As we construe plaintiff's contentions on appeal, he claims the court erred in holding that as between parents the parent having legal custody is entitled to determine the child's religious training; that the court abused its discretion in reducing plaintiff's visitation rights because of this plaintiff's religious opinion; that the testimony of the fitness of the respective parties to have the care and control of the minor child was not gone into and the court's finding that it had no jurisdiction to grant a divorce to plaintiff was not supported by the showing made, citing Cory v. Cory, 70 Cal.App.2d 563, 161 P.2d 385; Stone v. Stone, 16 Wash.2d 315, 133 P.2d 526; People ex rel. Sisson v. Sisson, 271 N.Y. 285, 2 N.E.2d 660; and Denton v. James, 107 Kan. 729, 736, 193 P. 307, 12 A.L.R. 1146, which in effect held that the court has no authority over that part of a child's training affecting its religious discipline, and in a dispute relating to custody, religious views afford no ground for depriving a parent of custody if he is otherwise qualified.

In the Lerner case, supra [38 Cal.2d 676, 242 P.2d 323], it was said: ‘The essence of custody is the companionship of the child and the right to make decisions regarding his care and control, education, health, and religion.’ (Italics ours.) Plaintiff claims this statement was only dicta and that the cases in this state do not support such a rule when applied to religion.

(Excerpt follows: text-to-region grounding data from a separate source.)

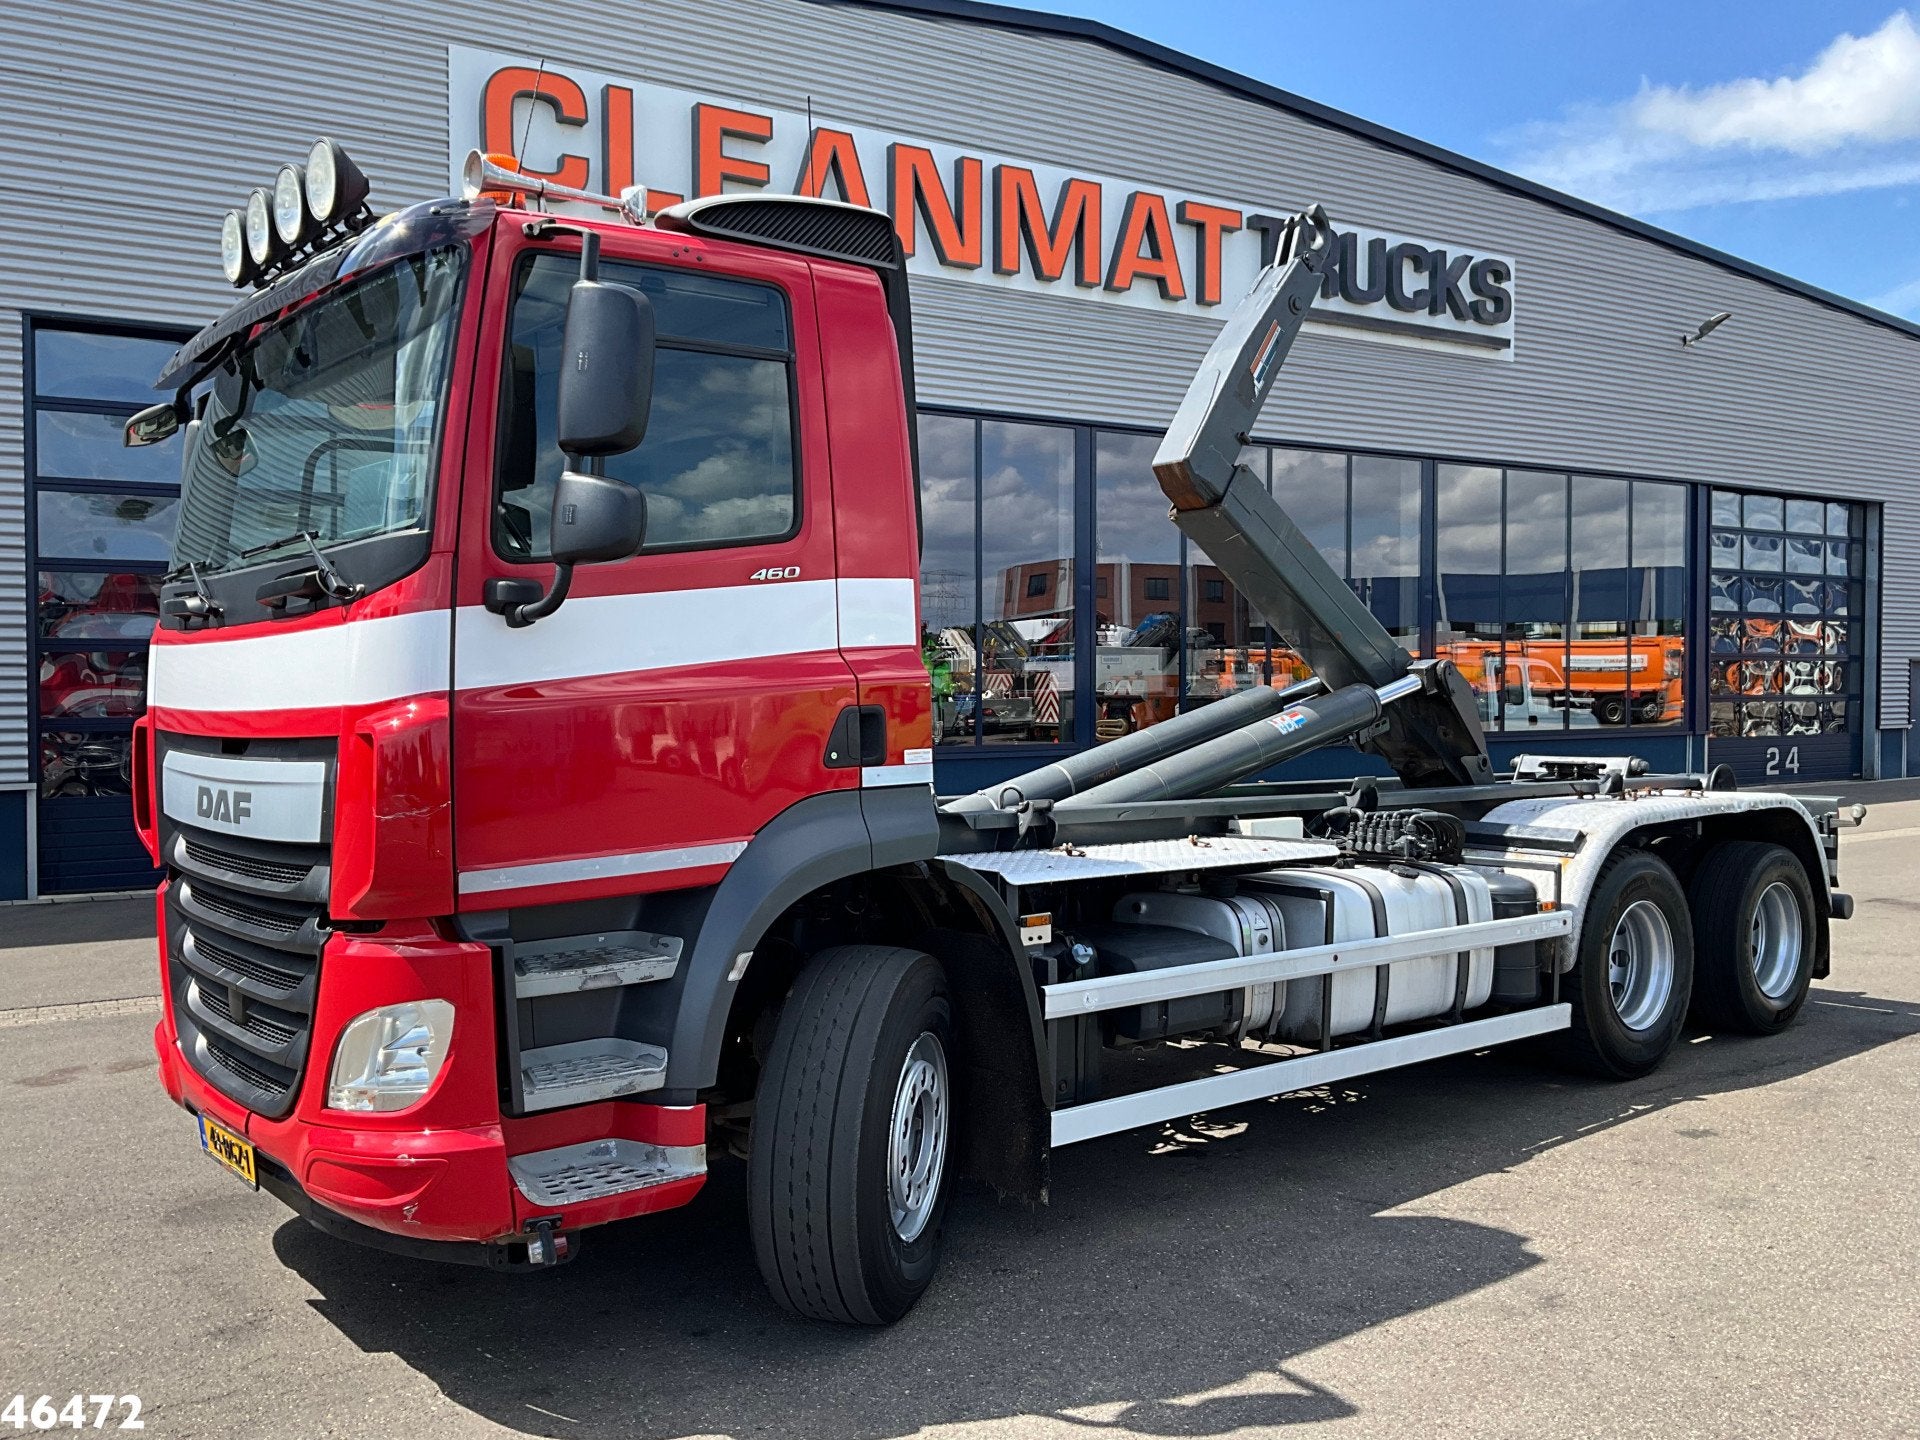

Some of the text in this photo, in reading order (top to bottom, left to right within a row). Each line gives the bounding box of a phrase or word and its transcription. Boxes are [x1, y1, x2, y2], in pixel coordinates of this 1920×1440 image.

[479, 65, 1243, 306] CLEANMAT
[749, 566, 801, 581] 460
[1766, 746, 1800, 776] 24
[197, 785, 252, 824] DAF
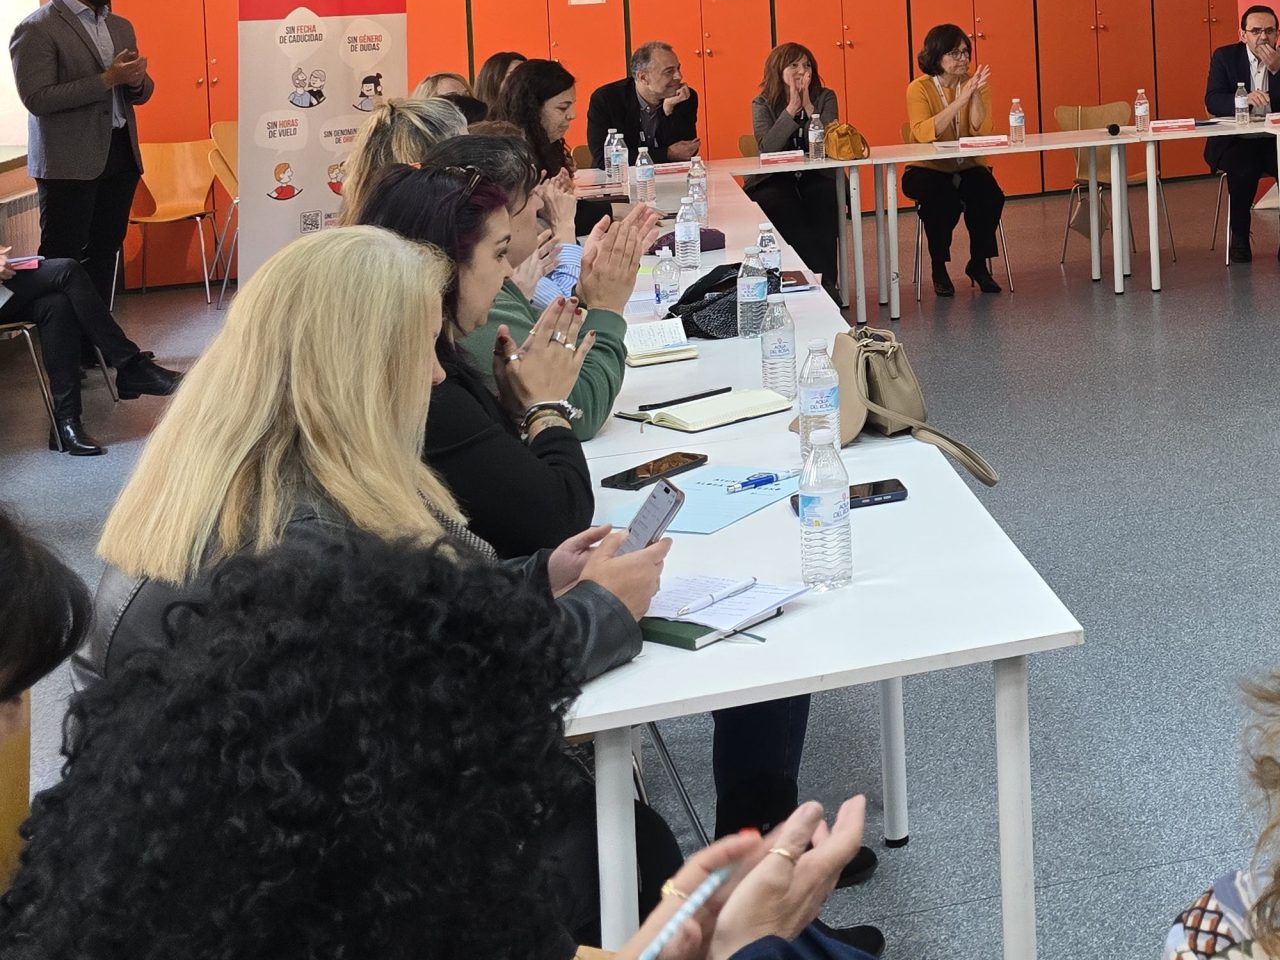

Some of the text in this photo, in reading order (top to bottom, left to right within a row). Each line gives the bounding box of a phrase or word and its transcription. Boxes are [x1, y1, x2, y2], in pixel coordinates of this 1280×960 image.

It must be borne in mind, in an action between parents in reference to the custody of and right of visitation with a minor child of this age, the welfare of the child is the all-important question first for decision, and the state, acting in the relation of parens patriae, has a wide range of power for limiting parental freedom and authority in things affecting the child's welfare and which may be detrimental to the mind of the child. Prince v. Commonwealth of Massachusetts, 321 U.S. 158, 804, 64 S.Ct. 438, 784, 88 L.Ed. 645, 652–654, and 1090; Wilson v. Wilson, 58 Cal.App.2d 641, 137 P.2d 700; Fine v. Denny, 111 Cal.App.2d 402, 244 P.2d 983; Civ.Code, Sec. 138, subd. (2); Ludlow v. Ludlow, 89 Cal.App.2d 610, 201 P.2d 579.

Here, it appears that the trial court was of the belief that dual custody of the child, under all the circumstances considered by it, was not for the child's best interest and welfare. Limited and controlled visitations were authorized, at least, pendente lite and until a full hearing is had after the pleadings are settled. The trial court has a broad discretion in determining whether the advantages of a good home, congenial surroundings, and intelligent attention and direction in matters affecting the health and development of children are offered by the respective parents. The primary consideration is what will promote the best interests of the child. (16 Cal.Jur.2d p. 551, sec. 261.) An application for modification of an award of custody is addressed to the sound legal discretion of the trial court. The record here before us contains no showing of abuse of discretion. Fay v. Fay, 12 Cal.2d 279, 283, 83 P.2d 716.

Order affirmed.

GRIFFIN, Justice.

BARNARD, P. J., and MUSSELL, J., concur. Hearing denied; CARTER, J., dissenting.